Task => Repeat exactly the line that contains "Some of the words" and every line after it, down to the last line of the entries below. Do not include pictures.
START Records for the exercise
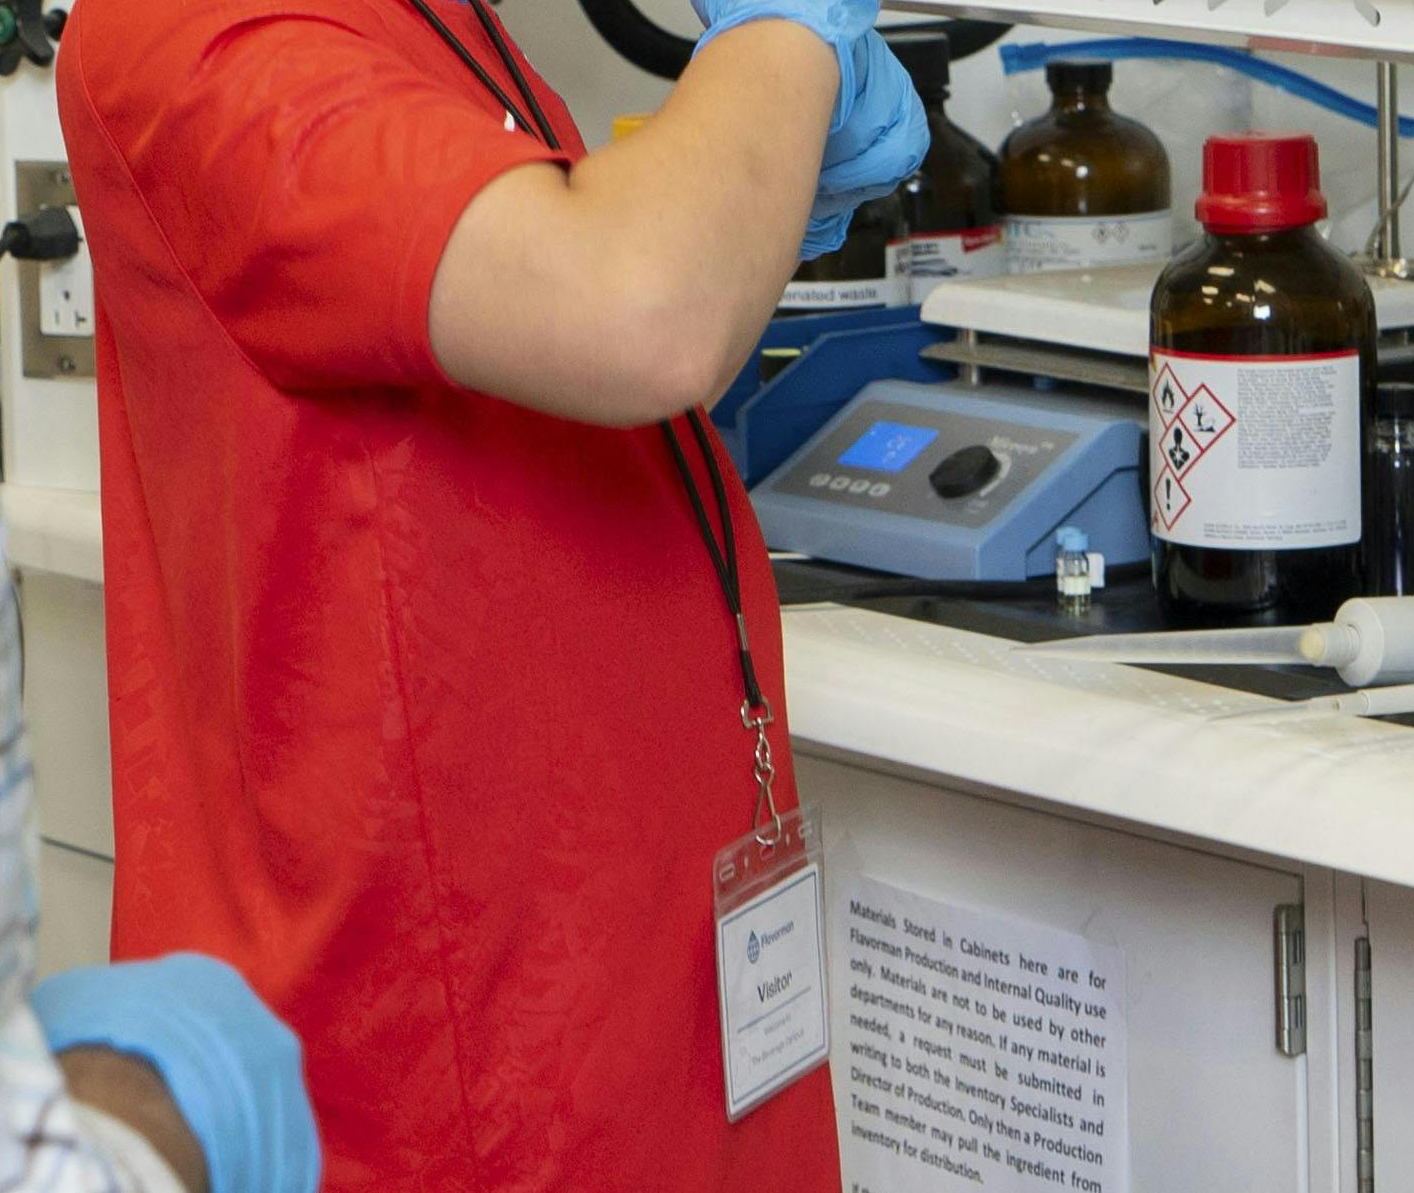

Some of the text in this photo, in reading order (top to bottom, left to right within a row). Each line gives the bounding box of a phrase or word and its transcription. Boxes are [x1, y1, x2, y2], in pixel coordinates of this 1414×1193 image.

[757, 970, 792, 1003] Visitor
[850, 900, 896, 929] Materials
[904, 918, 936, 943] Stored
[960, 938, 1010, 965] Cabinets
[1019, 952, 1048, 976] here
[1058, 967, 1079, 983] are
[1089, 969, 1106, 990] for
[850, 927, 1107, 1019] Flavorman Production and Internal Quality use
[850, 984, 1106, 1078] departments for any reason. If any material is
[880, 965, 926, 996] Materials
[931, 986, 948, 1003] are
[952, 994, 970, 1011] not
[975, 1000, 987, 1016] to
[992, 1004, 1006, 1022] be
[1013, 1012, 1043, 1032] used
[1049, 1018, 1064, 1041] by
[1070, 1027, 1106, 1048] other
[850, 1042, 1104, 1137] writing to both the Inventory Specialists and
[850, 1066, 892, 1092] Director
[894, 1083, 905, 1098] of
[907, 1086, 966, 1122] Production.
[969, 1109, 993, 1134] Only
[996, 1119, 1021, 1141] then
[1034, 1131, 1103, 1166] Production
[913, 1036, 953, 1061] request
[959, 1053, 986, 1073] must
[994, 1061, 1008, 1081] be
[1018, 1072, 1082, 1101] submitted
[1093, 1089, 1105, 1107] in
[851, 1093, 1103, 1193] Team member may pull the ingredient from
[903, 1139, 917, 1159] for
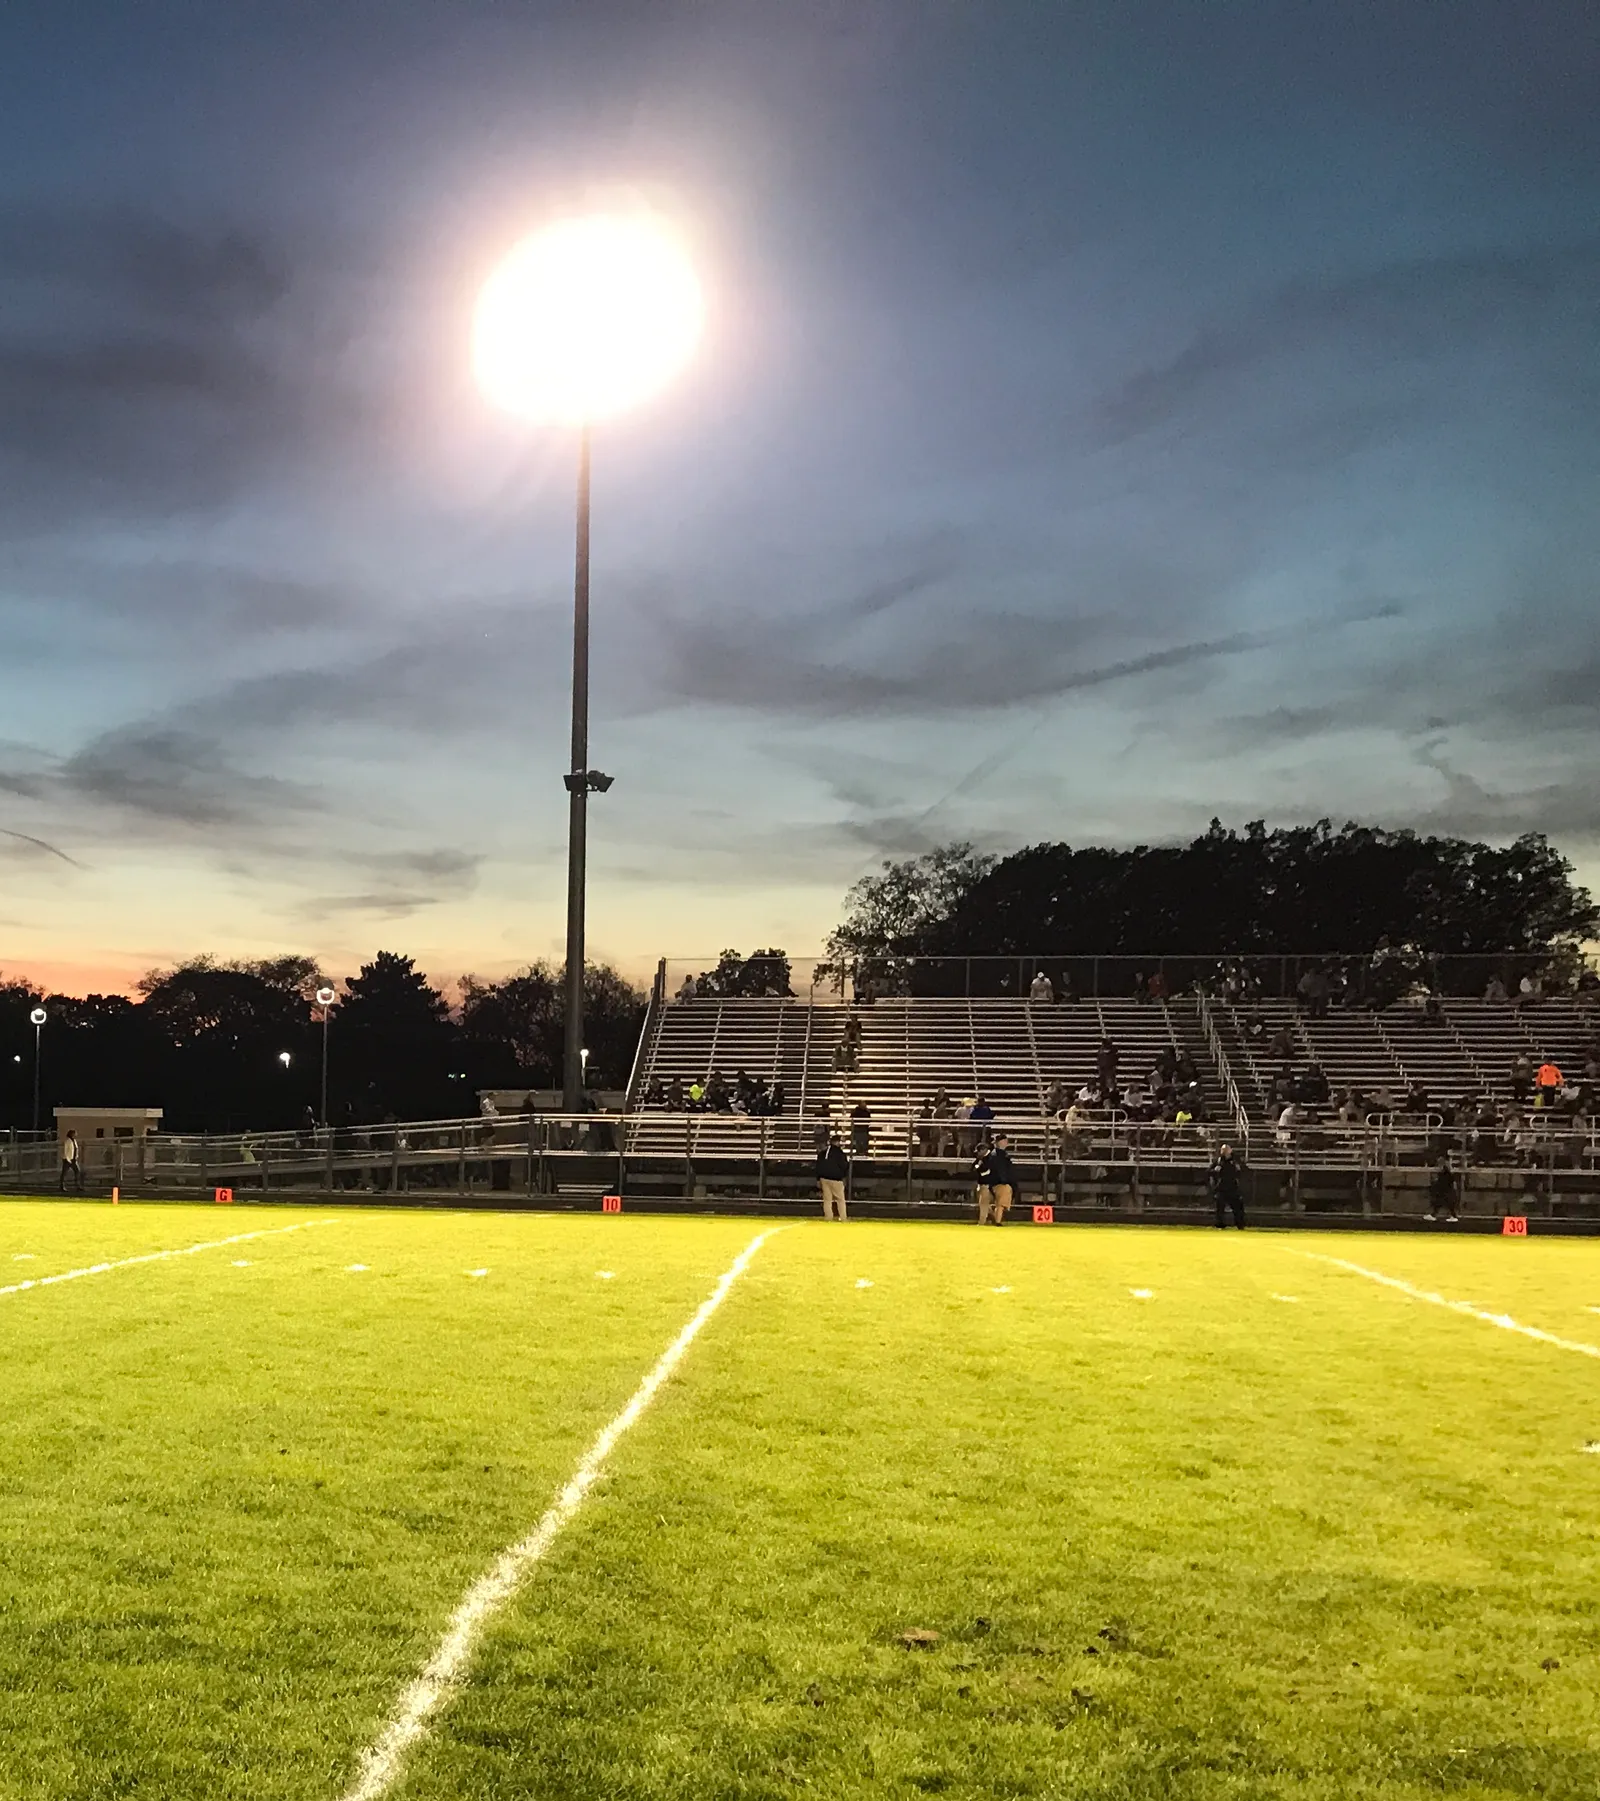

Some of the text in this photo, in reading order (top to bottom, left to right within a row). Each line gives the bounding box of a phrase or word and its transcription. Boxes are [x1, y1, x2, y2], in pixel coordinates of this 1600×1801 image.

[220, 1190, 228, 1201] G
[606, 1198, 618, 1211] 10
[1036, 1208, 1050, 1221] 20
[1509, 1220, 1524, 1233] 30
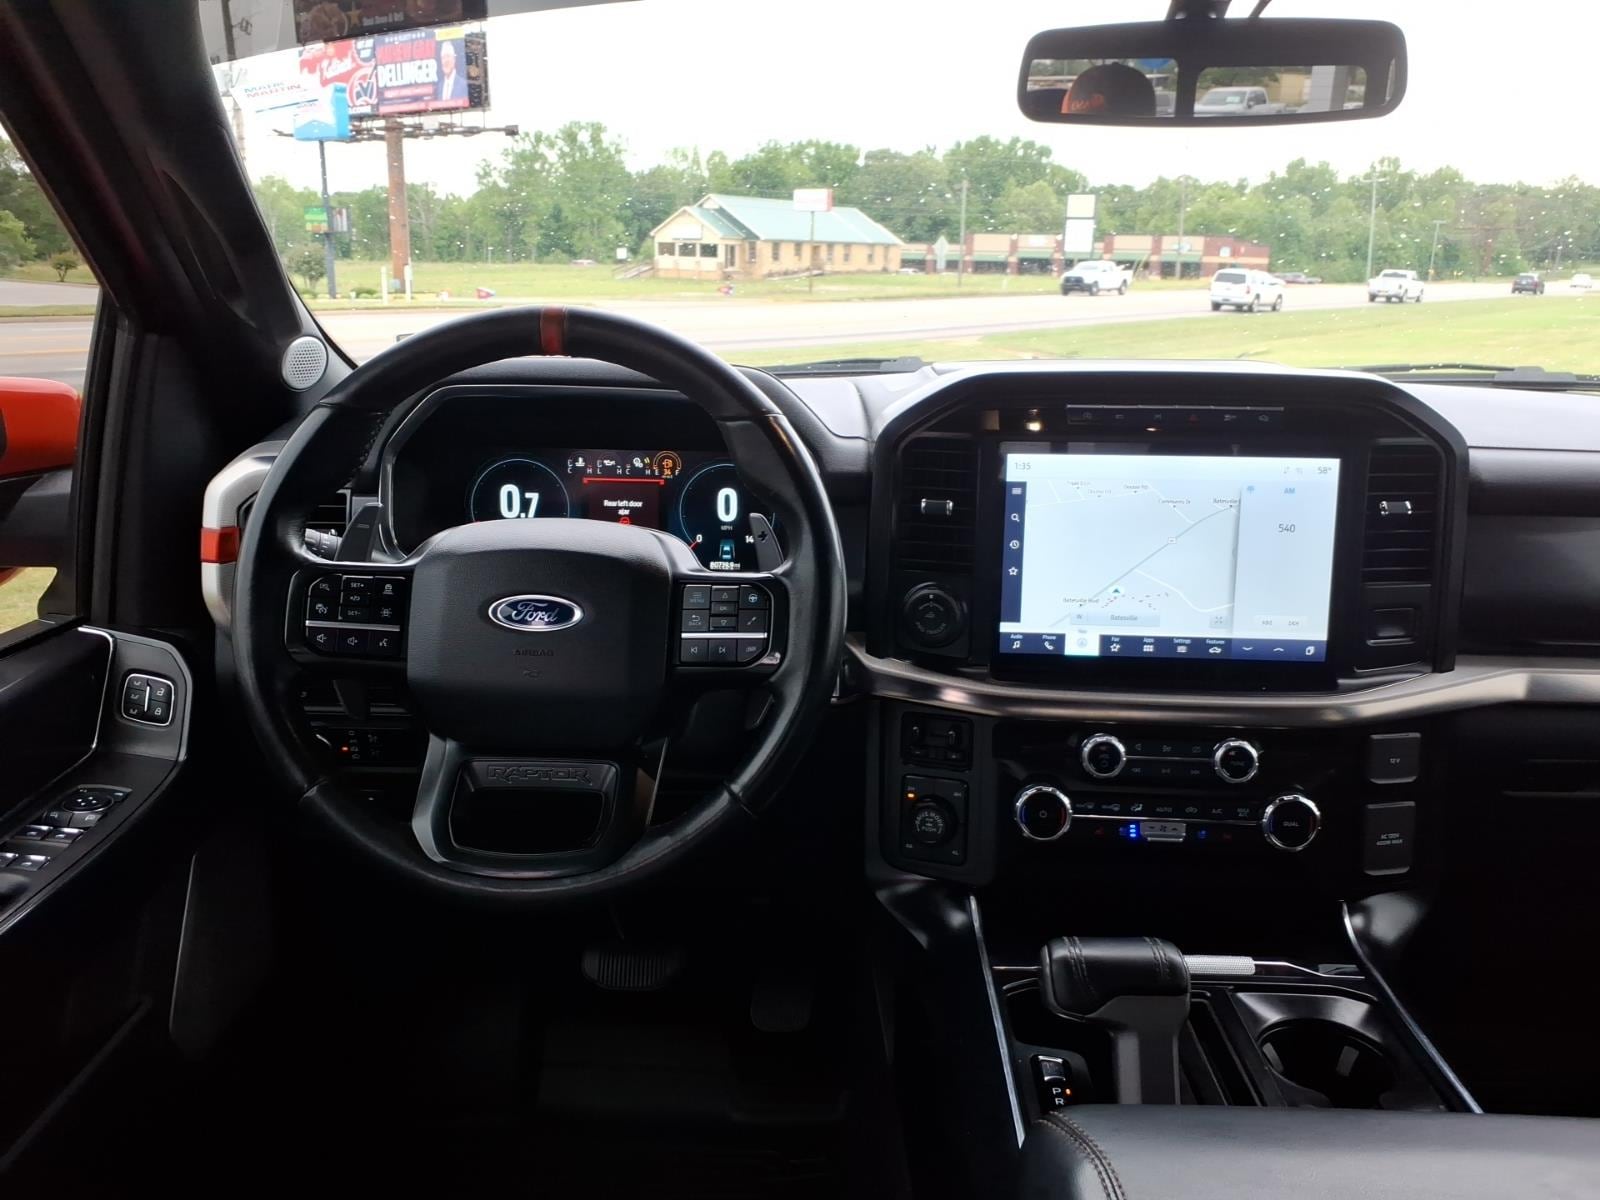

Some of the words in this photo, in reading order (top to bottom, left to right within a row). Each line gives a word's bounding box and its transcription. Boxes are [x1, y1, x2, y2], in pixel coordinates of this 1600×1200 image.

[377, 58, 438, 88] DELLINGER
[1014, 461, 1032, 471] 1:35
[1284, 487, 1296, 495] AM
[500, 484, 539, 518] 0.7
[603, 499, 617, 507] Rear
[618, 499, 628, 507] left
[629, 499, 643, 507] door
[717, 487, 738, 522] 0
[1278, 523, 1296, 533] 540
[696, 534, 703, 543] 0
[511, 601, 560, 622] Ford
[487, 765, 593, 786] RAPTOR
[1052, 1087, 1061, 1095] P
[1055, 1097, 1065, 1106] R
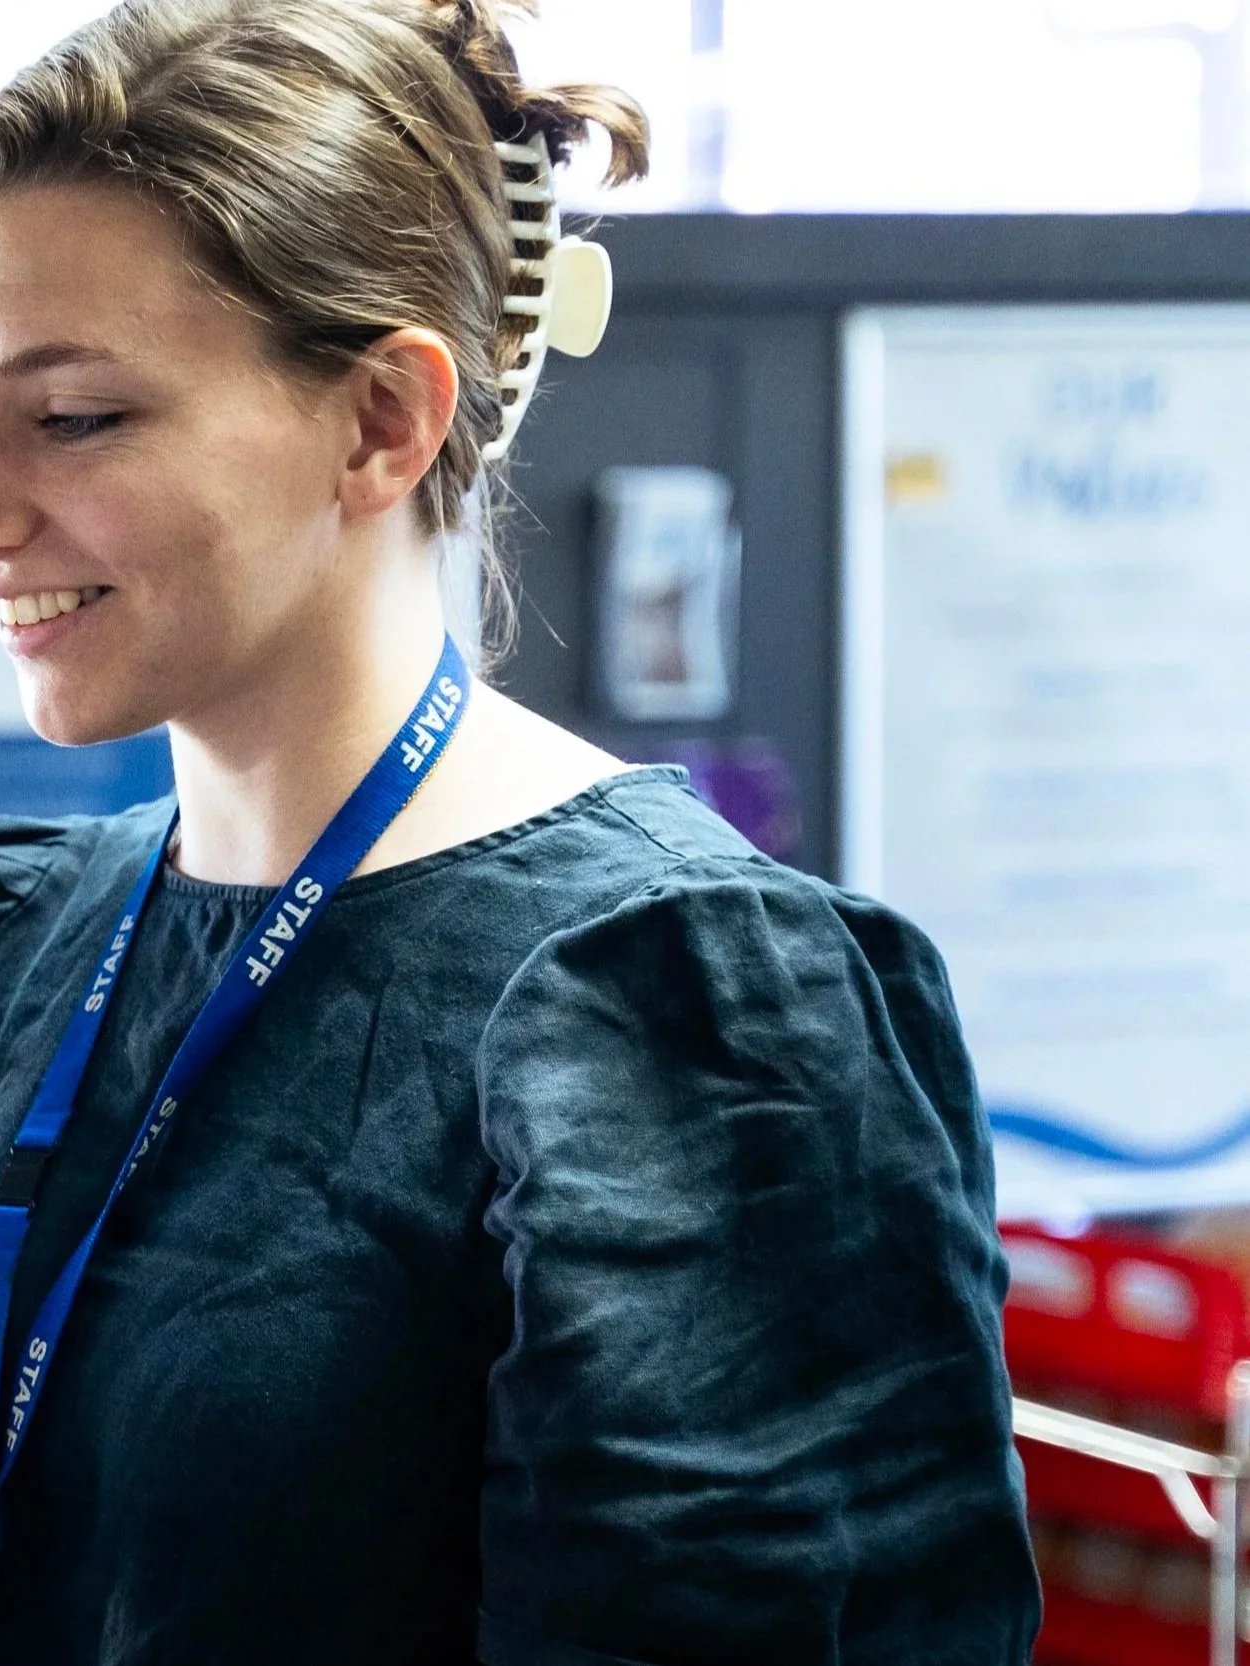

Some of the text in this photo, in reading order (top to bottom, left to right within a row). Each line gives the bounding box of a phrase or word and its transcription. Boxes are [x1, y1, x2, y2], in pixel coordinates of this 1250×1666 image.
END Records for the exercise
Output of the task =>
Some of the words in this photo, in reading order (top to bottom, left to right within a row). Each line gives a word's bounding box and its transcription. Boxes are [x1, y1, x2, y2], in pixel coordinates of this 1600×1200 image.

[377, 58, 438, 88] DELLINGER
[1014, 461, 1032, 471] 1:35
[1284, 487, 1296, 495] AM
[500, 484, 539, 518] 0.7
[603, 499, 617, 507] Rear
[618, 499, 628, 507] left
[629, 499, 643, 507] door
[717, 487, 738, 522] 0
[1278, 523, 1296, 533] 540
[696, 534, 703, 543] 0
[511, 601, 560, 622] Ford
[487, 765, 593, 786] RAPTOR
[1052, 1087, 1061, 1095] P
[1055, 1097, 1065, 1106] R

Some of the text in this photo, in reading order (top to bottom, left to right within a row). Each line gives the bounding box of a phrase or word and its transcription. Boxes are [x1, y1, x2, y2], in pixel coordinates of this 1250×1666 image.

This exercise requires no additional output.